Apache PDFBox - Filter Pages
Operation Name
Apache PDFBox - Filter PagesfilterPages
Description
Filters pages from a PDF document based on two optional criteria:
- Remove blank pages
- Retain only selected page ranges
This is useful for preprocessing documents by cleaning up whitespace or extracting specific sections to keep processing times and associated costs to a minimum.
Inputs
| Parameter | Type | Required | Description |
|---|---|---|---|
PDF File [Binary] | InputStream (Binary) | Required | The input PDF document to be filtered. |
Remove Blank Pages | Boolean | Optional | If true, pages without visible text, images, or annotations will be removed. |
Page Range | String | Optional | Comma-separated list of page numbers or ranges to retain (e.g., 1,3,5-7).

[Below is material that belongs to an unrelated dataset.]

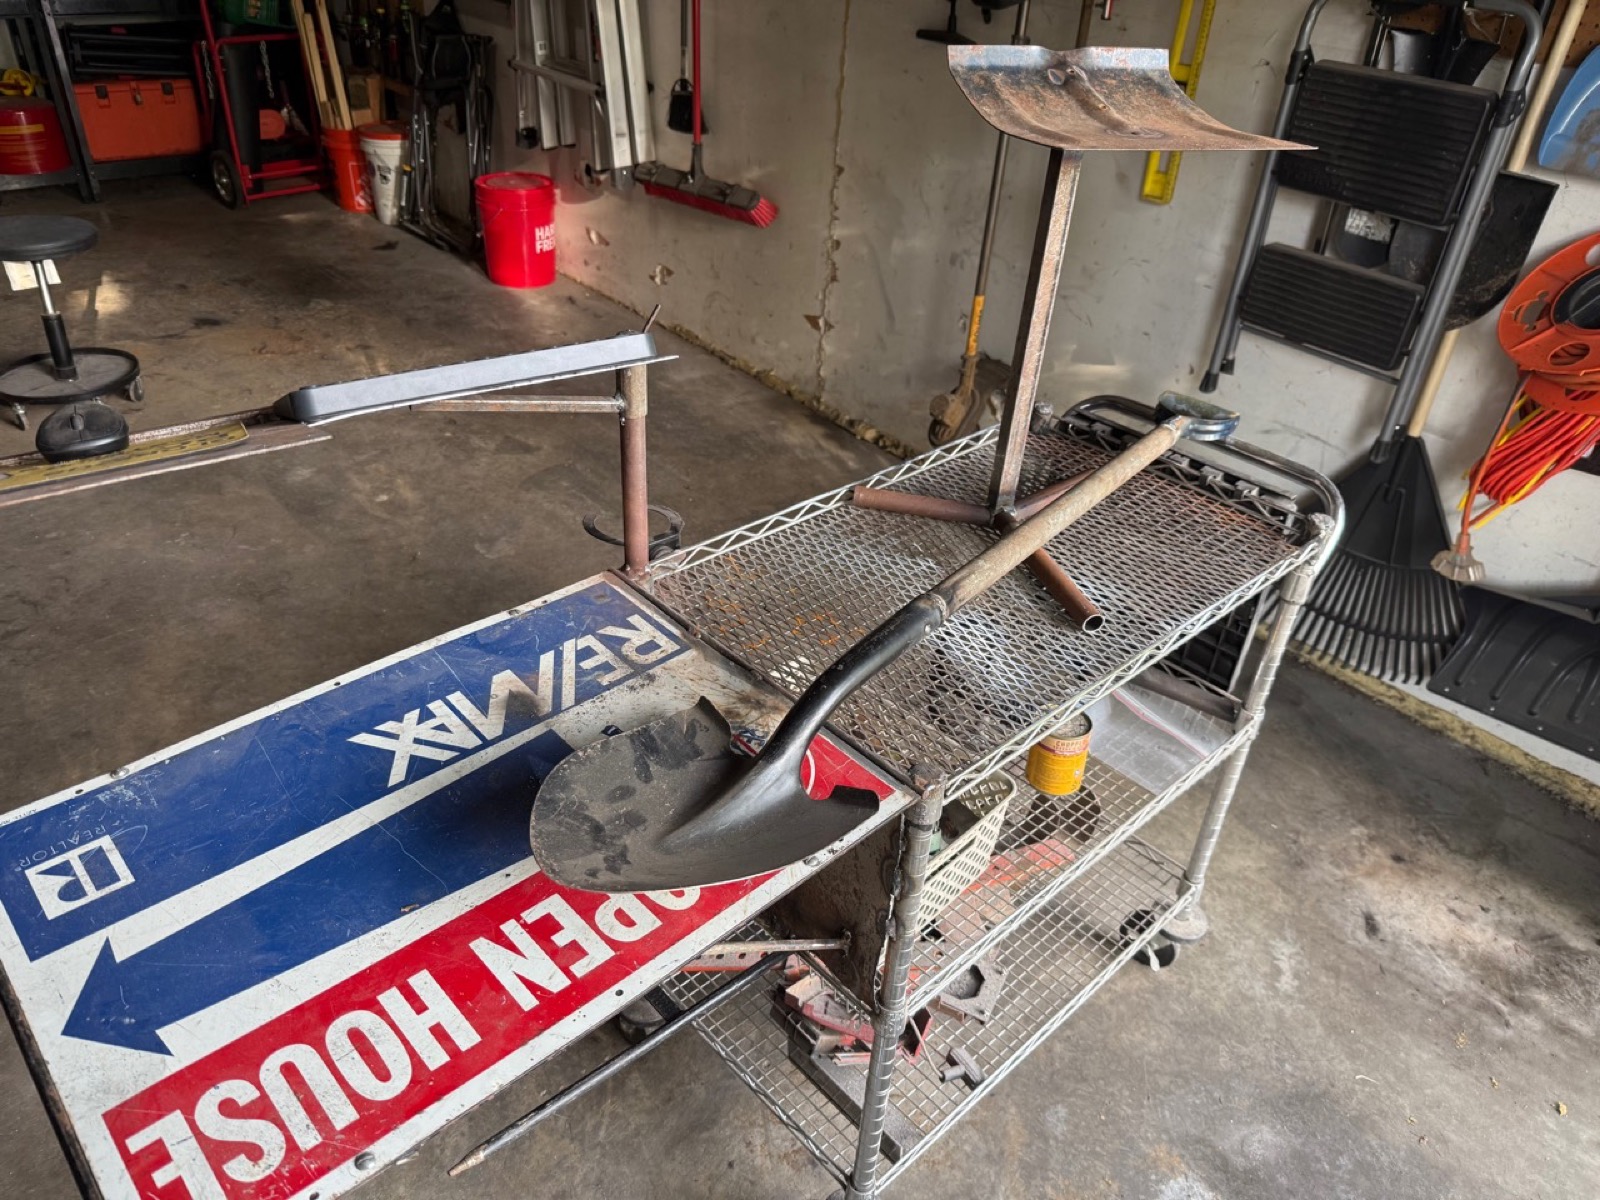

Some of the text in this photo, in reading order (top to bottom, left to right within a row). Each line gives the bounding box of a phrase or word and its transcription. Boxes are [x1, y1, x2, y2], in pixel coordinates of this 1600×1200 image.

[346, 614, 681, 788] RE/MAX
[18, 824, 106, 868] REALTOR
[468, 888, 702, 1012] PEN

If not provided, all pages are considered. |
Output
- Payload:
InputStream(Binary) A new filtered PDF stream containing only the selected (and non-blank) pages. - Attributes:
PdfBoxFileAttributesMetadata from the original document (e.g., page count, author, title, etc.).
MuleSoft Flow Example

xml
<mule
xmlns="http://www.mulesoft.org/schema/mule/core"
xmlns:doc="http://www.mulesoft.org/schema/mule/documentation"
xmlns:pdfbox="http://www.mulesoft.org/schema/mule/pdfbox"
xmlns:xsi="http://www.w3.org/2001/XMLSchema-instance"
xmlns:file="http://www.mulesoft.org/schema/mule/file"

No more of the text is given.